Researchers at Texas Children’s Duncan Neurological Research Institute and Baylor College of Medicine have found a new way to raise the level of a brain protein that is low in Rett syndrome. Their study, published in Science Translational Medicine, explains how removing a small part of the gene can make the brain produce more of the helpful protein.
Why the MECP2 Gene Matters
Rett syndrome is caused by changes in the MECP2 gene. This gene tells the brain how to turn many other genes on or off. When the gene is broken, the protein it makes – called MeCP2 – is missing or works badly. Without enough MeCP2, brain cells cannot communicate properly.
Mouse experiments have shown that adding a healthy MeCP2 protein can improve Rett‑like symptoms. Even adding a partially working version of the protein can help mice breathe, move, and live longer.
Two Versions of the Same Protein
Our cells actually make two slightly different forms of MeCP2, named E1 and E2. Both come from the same gene, but they are built using different pieces of the genetic recipe. The E1 version is the most common in the brain, while E2 is made in smaller amounts.
Scientists noticed that people with Rett syndrome never have mutations in the part that creates E2. Only changes that affect E1 cause the disease. This clue suggested that increasing the E1 form could be beneficial.
Removing the “e2” Piece
The team decided to try a simple trick: cut out the tiny “e2” segment from the gene. In normal mice, this edit raised the total MeCP2 protein by about 50‑60 percent.
Next, they used cells taken from children with Rett syndrome. These cells carried faulty MECP2 genes that made too little protein. Deleting the same “e2” piece caused the cells to make much more MeCP2. Depending on how severe the original mutation was, the cells began to look and act more like healthy brain cells.
Testing a Drug‑Like Molecule
The researchers also tried a laboratory molecule called a morpholino. This molecule blocks the cell’s ability to read the “e2” part, effectively skipping it. When given to mice, the morpholino boosted MeCP2 levels in the brain.

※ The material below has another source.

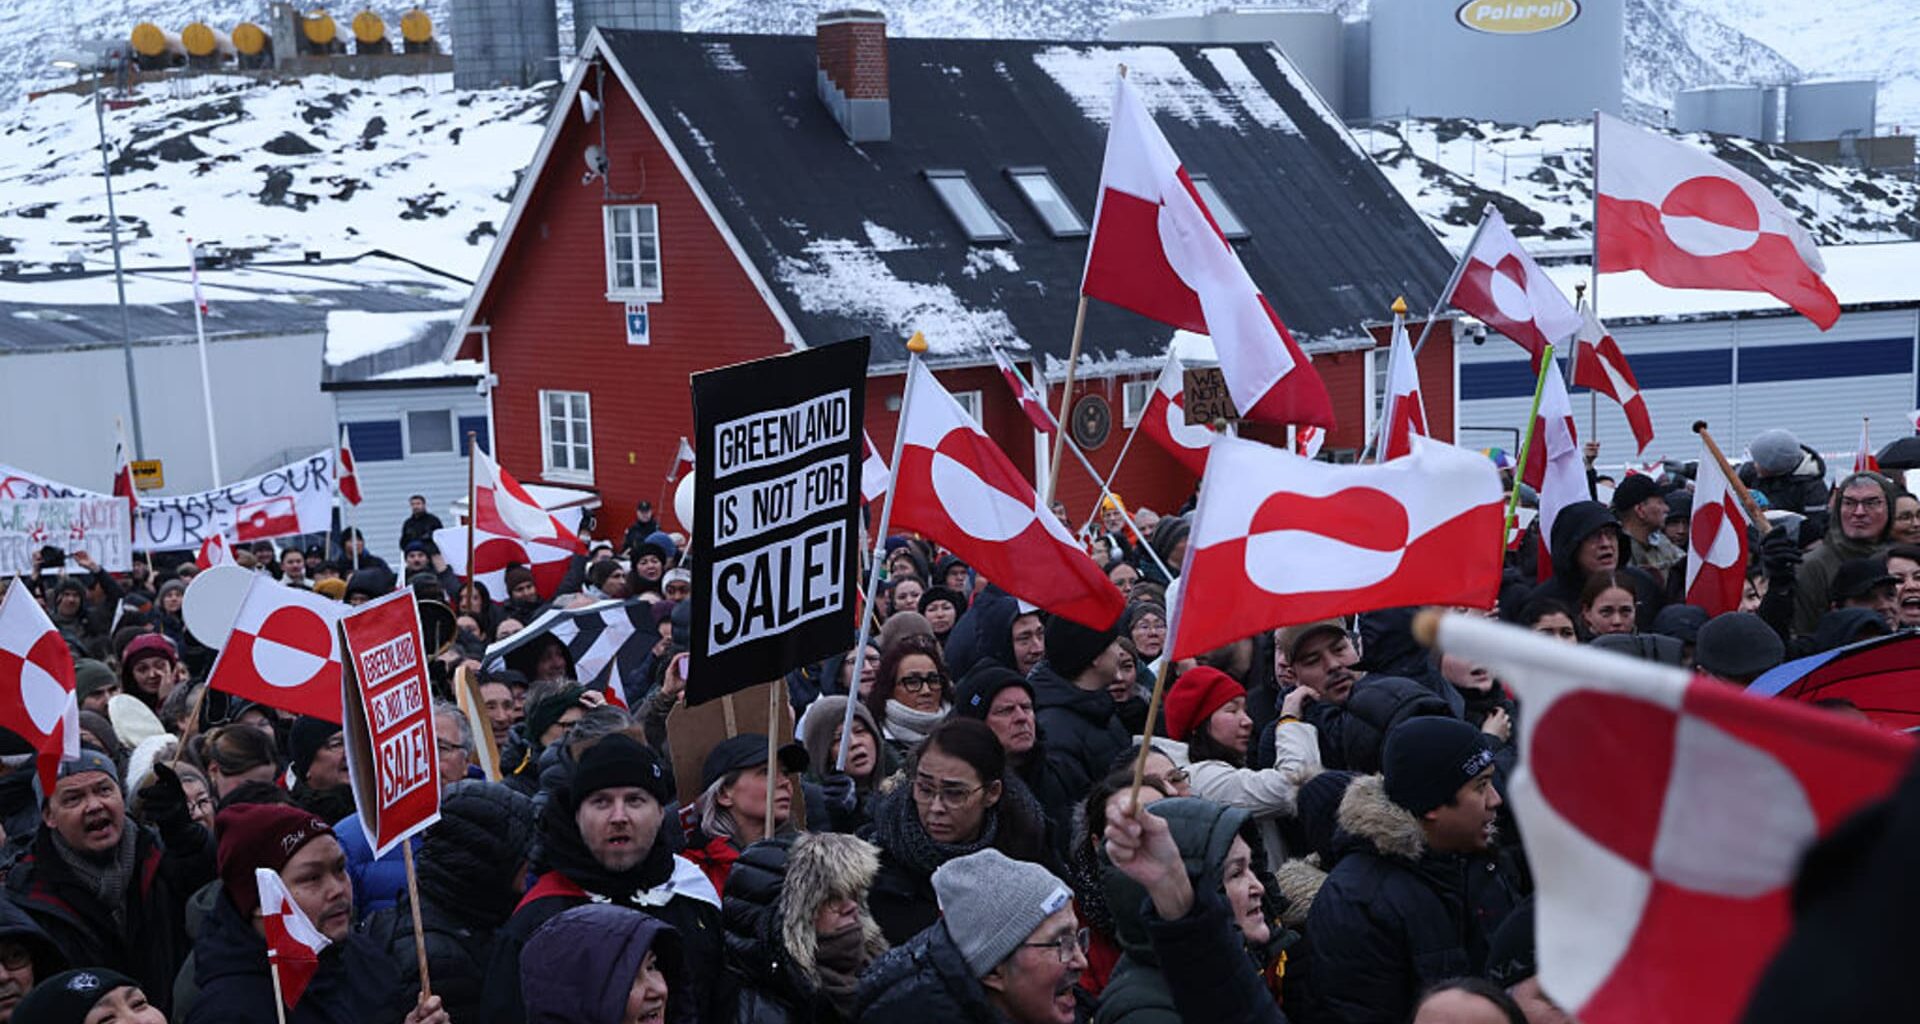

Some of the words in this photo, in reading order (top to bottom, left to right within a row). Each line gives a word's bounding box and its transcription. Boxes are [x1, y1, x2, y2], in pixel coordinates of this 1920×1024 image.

Although morpholinos are too toxic for real patients, the result proves that a drug that blocks the e2 segment could one day raise MeCP2 safely. Similar approaches, such as antisense oligonucleotides, are already used for other genetic diseases and might be adapted for Rett syndrome.
What Comes Next?
This work gives scientists a clear roadmap for a new treatment strategy. By nudging brain cells to make more of the helpful E1 protein, we may be able to lessen the symptoms of Rett syndrome.
The study was funded by the National Institutes of Health, the Howard Hughes Medical Institute, and several other research foundations.